Segment Start: Supplied records
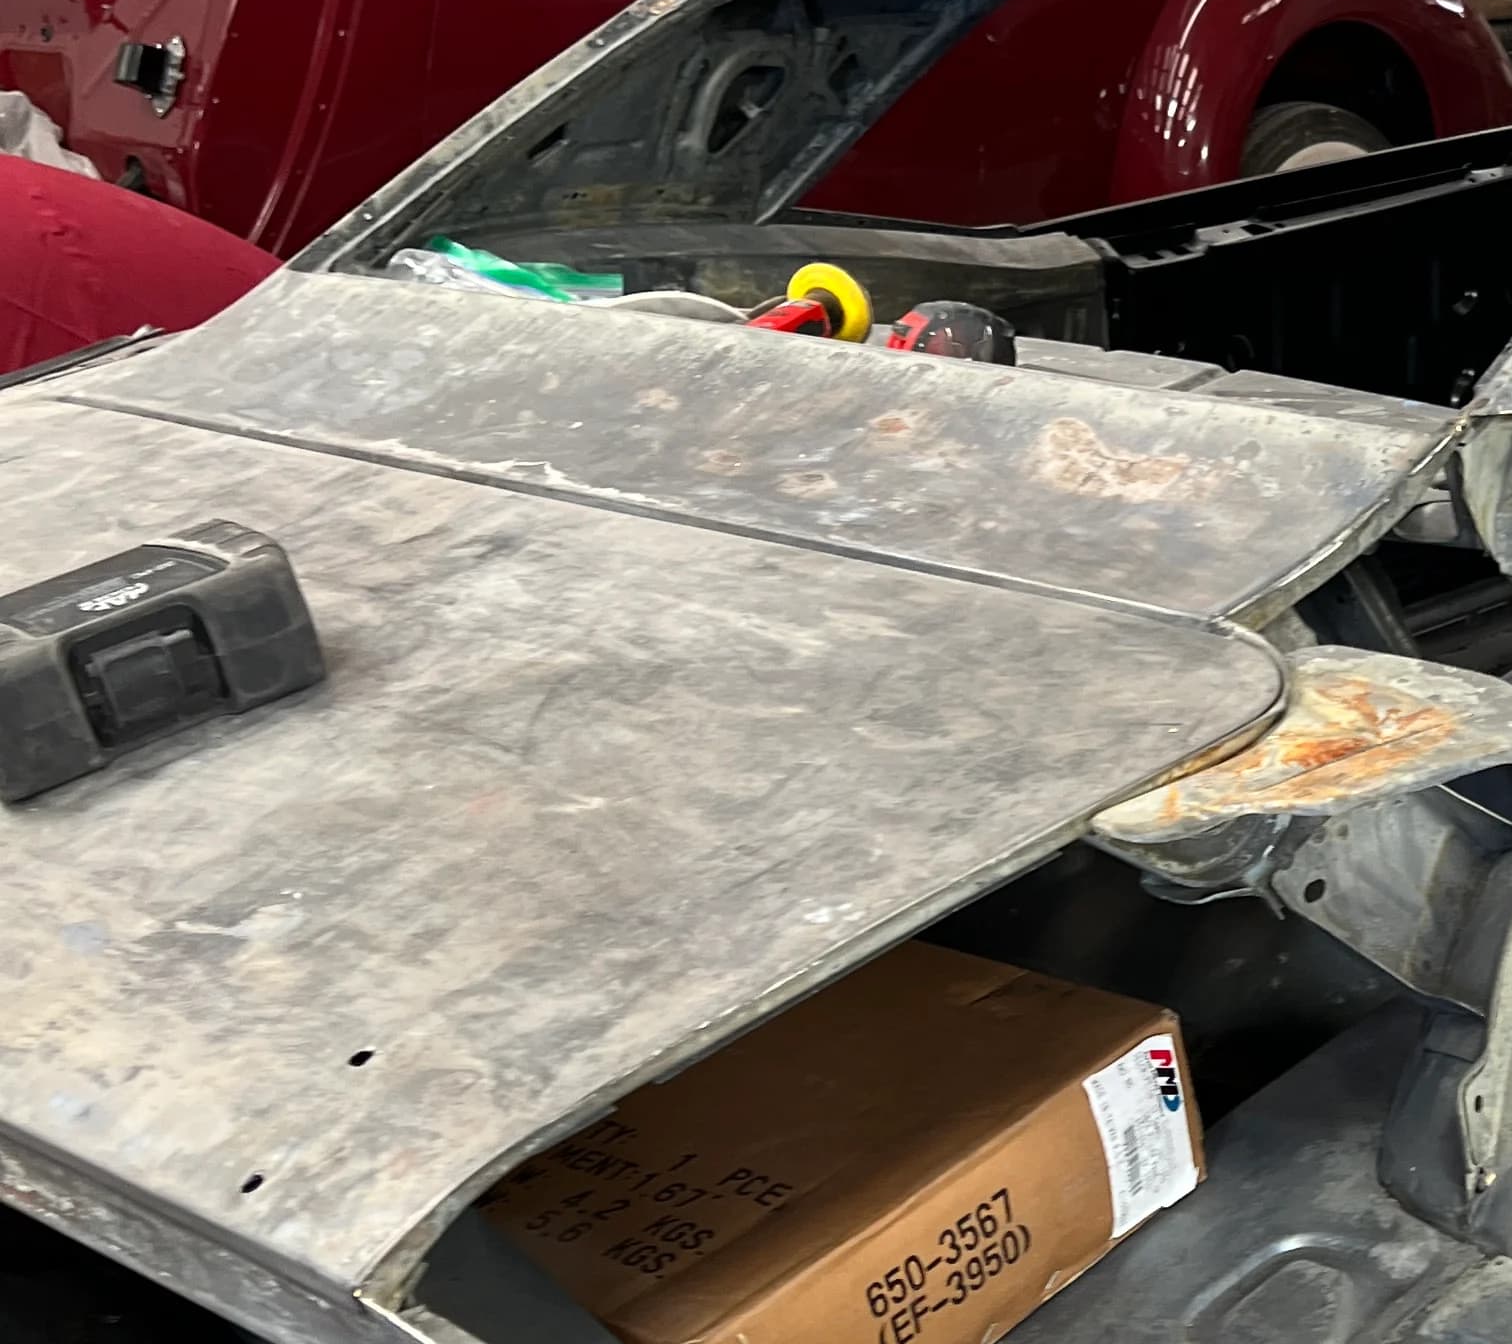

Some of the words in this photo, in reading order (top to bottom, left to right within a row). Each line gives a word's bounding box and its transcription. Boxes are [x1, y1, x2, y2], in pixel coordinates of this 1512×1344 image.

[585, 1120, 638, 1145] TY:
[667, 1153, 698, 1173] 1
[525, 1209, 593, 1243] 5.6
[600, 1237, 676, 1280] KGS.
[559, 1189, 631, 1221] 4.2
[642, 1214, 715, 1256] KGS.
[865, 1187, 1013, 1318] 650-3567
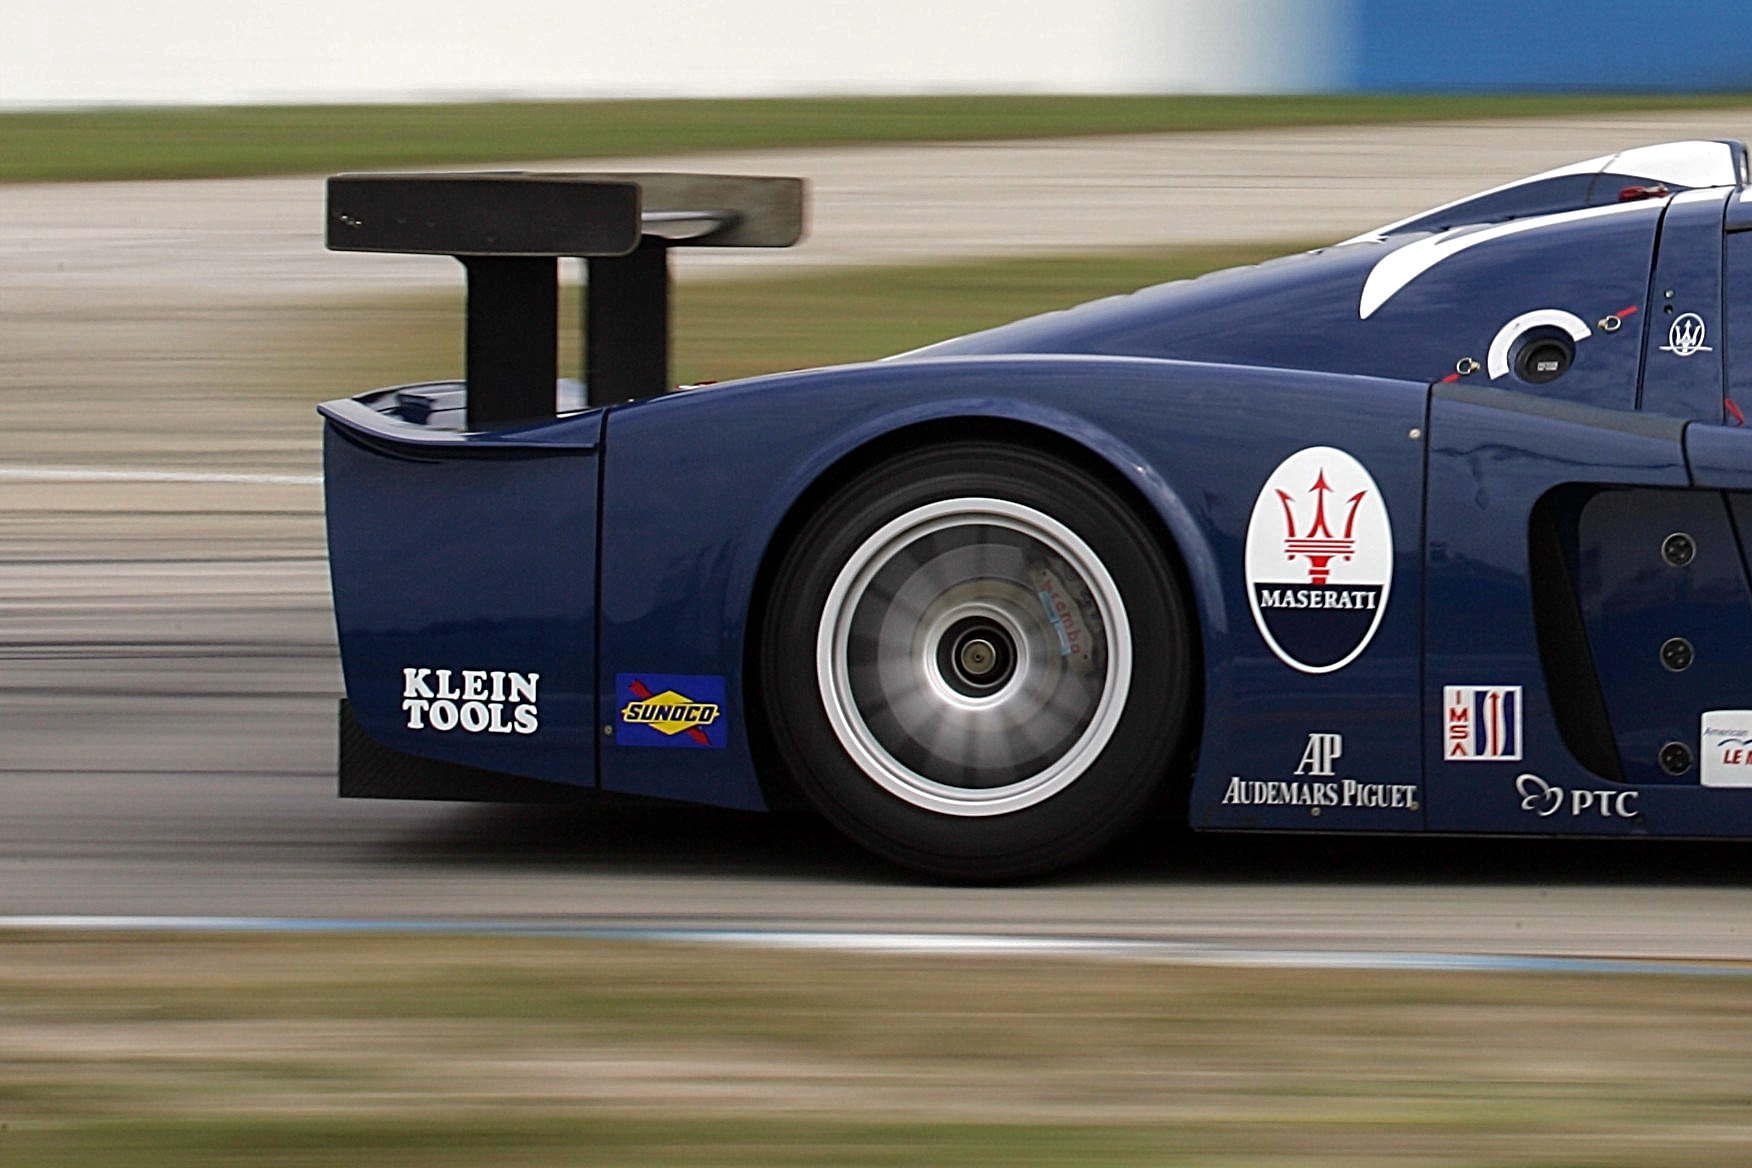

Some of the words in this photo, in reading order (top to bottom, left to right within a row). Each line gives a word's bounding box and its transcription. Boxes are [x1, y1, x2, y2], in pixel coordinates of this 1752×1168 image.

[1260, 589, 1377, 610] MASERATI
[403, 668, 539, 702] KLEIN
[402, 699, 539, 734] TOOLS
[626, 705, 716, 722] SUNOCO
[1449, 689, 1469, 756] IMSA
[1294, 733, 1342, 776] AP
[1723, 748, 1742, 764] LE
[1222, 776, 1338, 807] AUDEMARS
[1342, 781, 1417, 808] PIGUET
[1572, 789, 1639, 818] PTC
Segment End: Supplied records
→ Work to be completed:
A faithful copy of each entry is required, and no picture may be carried into it.

→ Task result:
Some of the words in this photo, in reading order (top to bottom, left to right within a row). Each line gives a word's bounding box and its transcription. Boxes are [x1, y1, x2, y2], in pixel coordinates of this 1512×1344 image.

[585, 1120, 638, 1145] TY:
[667, 1153, 698, 1173] 1
[525, 1209, 593, 1243] 5.6
[600, 1237, 676, 1280] KGS.
[559, 1189, 631, 1221] 4.2
[642, 1214, 715, 1256] KGS.
[865, 1187, 1013, 1318] 650-3567

Some of the words in this photo, in reading order (top to bottom, left to right within a row). Each line gives a word's bounding box and its transcription. Boxes are [x1, y1, x2, y2], in pixel coordinates of this 1752×1168 image.

[1260, 589, 1377, 610] MASERATI
[403, 668, 539, 702] KLEIN
[402, 699, 539, 734] TOOLS
[626, 705, 716, 722] SUNOCO
[1449, 689, 1469, 756] IMSA
[1294, 733, 1342, 776] AP
[1723, 748, 1742, 764] LE
[1222, 776, 1338, 807] AUDEMARS
[1342, 781, 1417, 808] PIGUET
[1572, 789, 1639, 818] PTC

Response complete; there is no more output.